▶ [Work required]: Repeat, word for word, all the data that follows, and exclude the pictures.

▶ [Supplied data]:

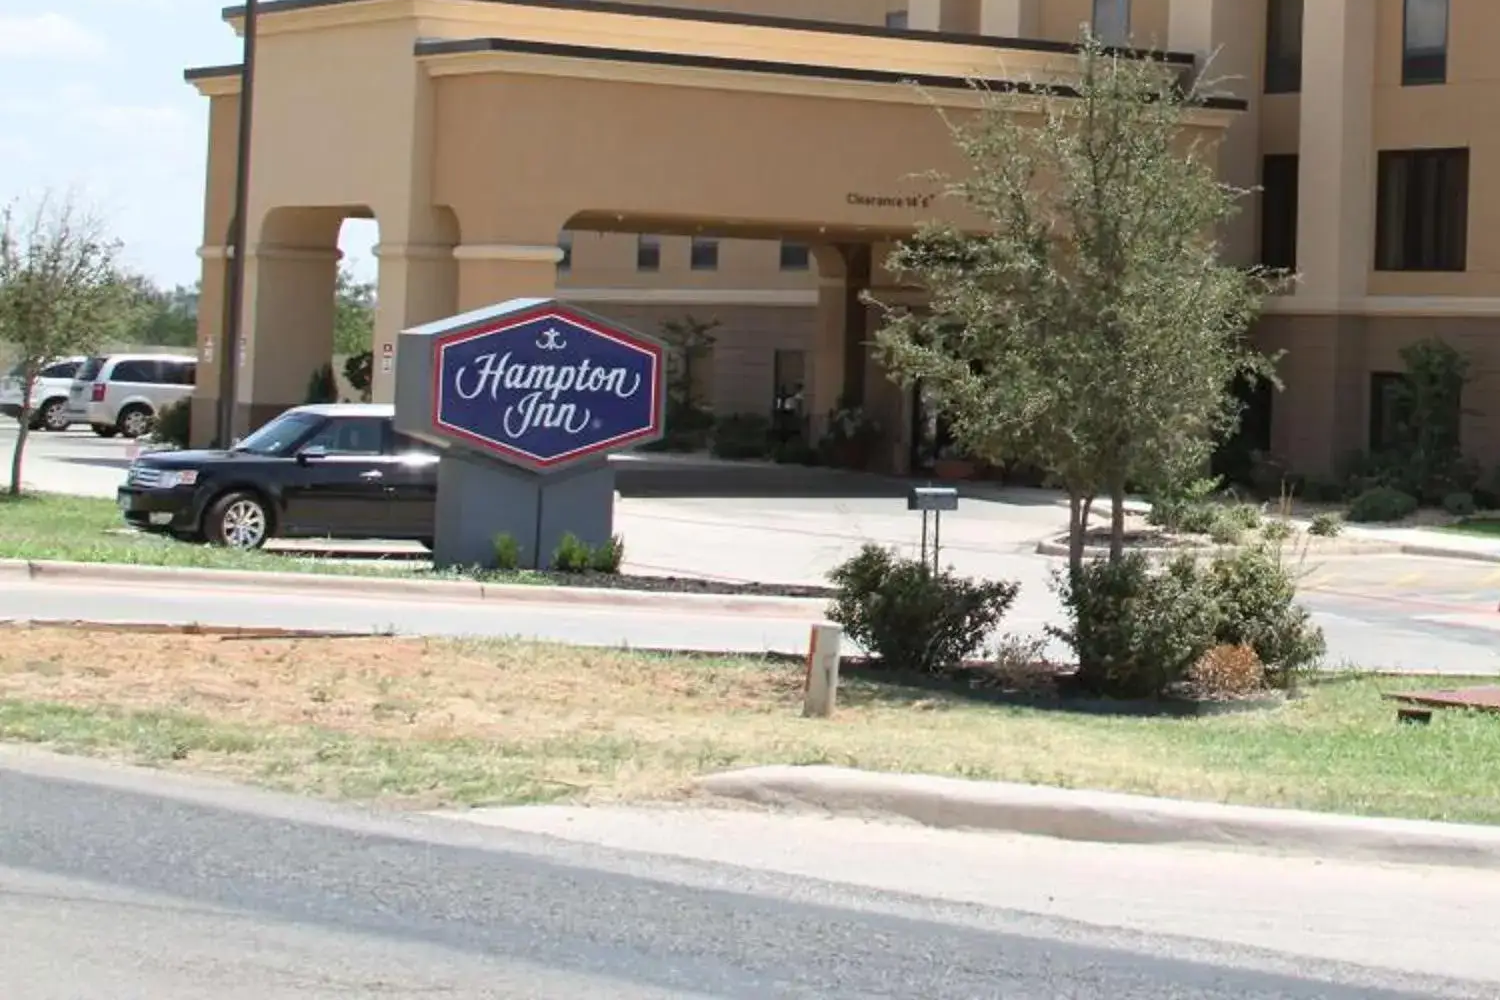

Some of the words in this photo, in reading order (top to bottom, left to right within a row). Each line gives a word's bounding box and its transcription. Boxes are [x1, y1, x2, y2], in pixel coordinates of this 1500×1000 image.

[846, 192, 903, 208] Clearance
[455, 351, 642, 400] Hampton
[503, 391, 591, 439] Inn
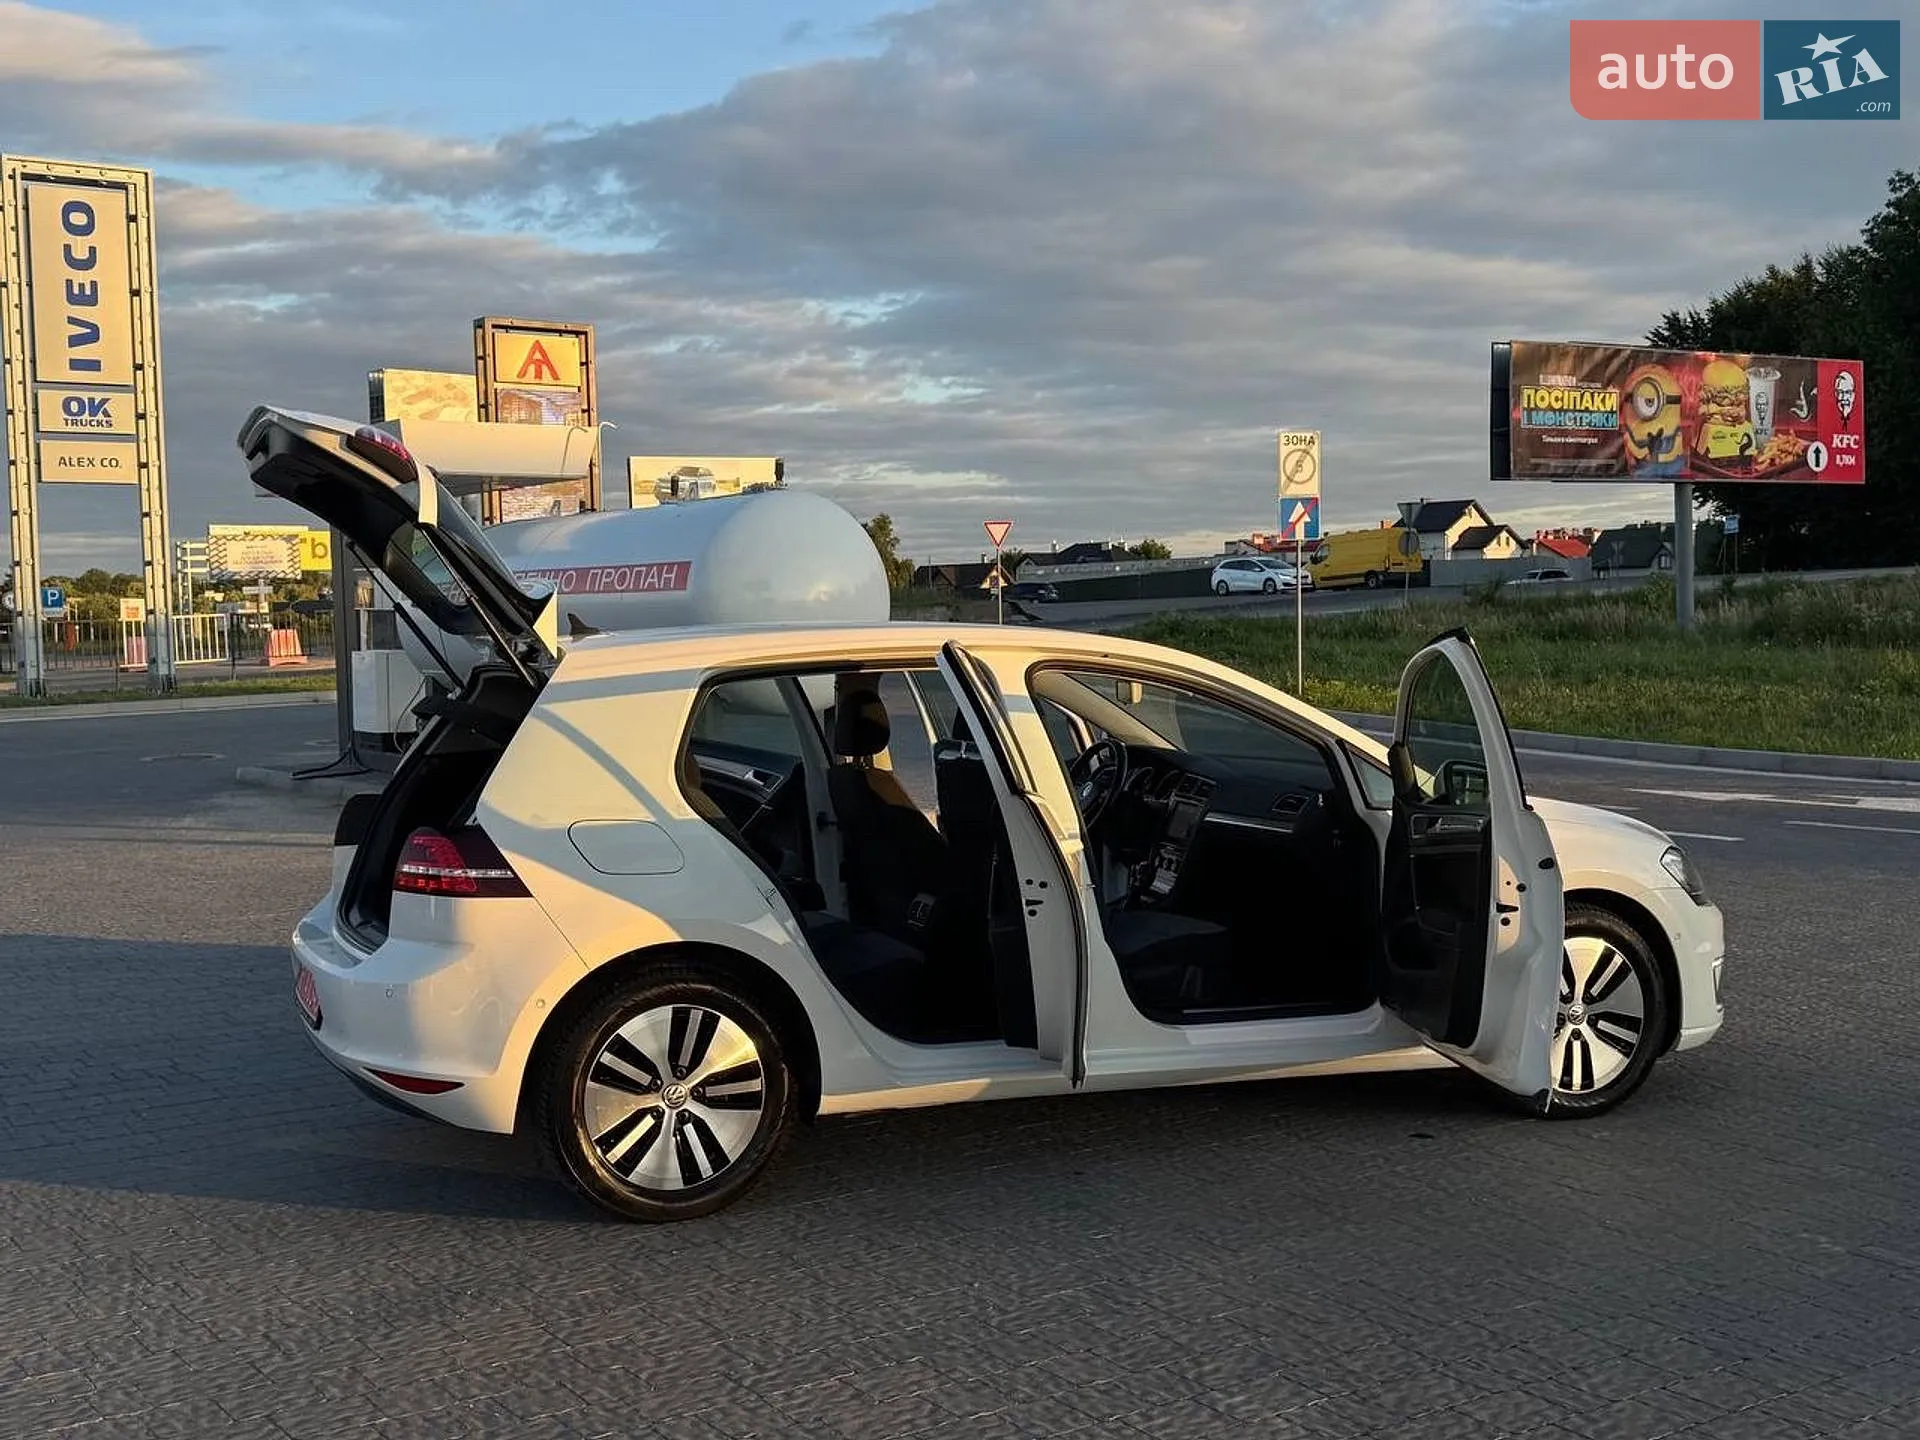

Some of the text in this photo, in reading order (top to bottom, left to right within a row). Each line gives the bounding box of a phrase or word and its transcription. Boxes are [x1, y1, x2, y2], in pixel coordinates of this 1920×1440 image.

[61, 200, 102, 372] IVECO
[62, 396, 113, 417] OK
[1522, 388, 1617, 412] ПОСІПАКИ
[63, 418, 114, 428] TRUCKS
[1283, 435, 1315, 446] ЗОНА
[1832, 434, 1860, 449] KFC
[58, 456, 96, 468] ALEX
[586, 564, 678, 591] ПРОПАН
[47, 590, 59, 605] P

▶ [Completed task]:
Some of the words in this photo, in reading order (top to bottom, left to right within a row). Each line gives a word's bounding box and its transcription. Boxes are [x1, y1, x2, y2], in pixel coordinates of this 1500×1000 image.

[846, 192, 903, 208] Clearance
[455, 351, 642, 400] Hampton
[503, 391, 591, 439] Inn

Some of the text in this photo, in reading order (top to bottom, left to right within a row). Each line gives the bounding box of a phrase or word and its transcription. Boxes are [x1, y1, x2, y2], in pixel coordinates of this 1920×1440 image.

[61, 200, 102, 372] IVECO
[62, 396, 113, 417] OK
[1522, 388, 1617, 412] ПОСІПАКИ
[63, 418, 114, 428] TRUCKS
[1283, 435, 1315, 446] ЗОНА
[1832, 434, 1860, 449] KFC
[58, 456, 96, 468] ALEX
[586, 564, 678, 591] ПРОПАН
[47, 590, 59, 605] P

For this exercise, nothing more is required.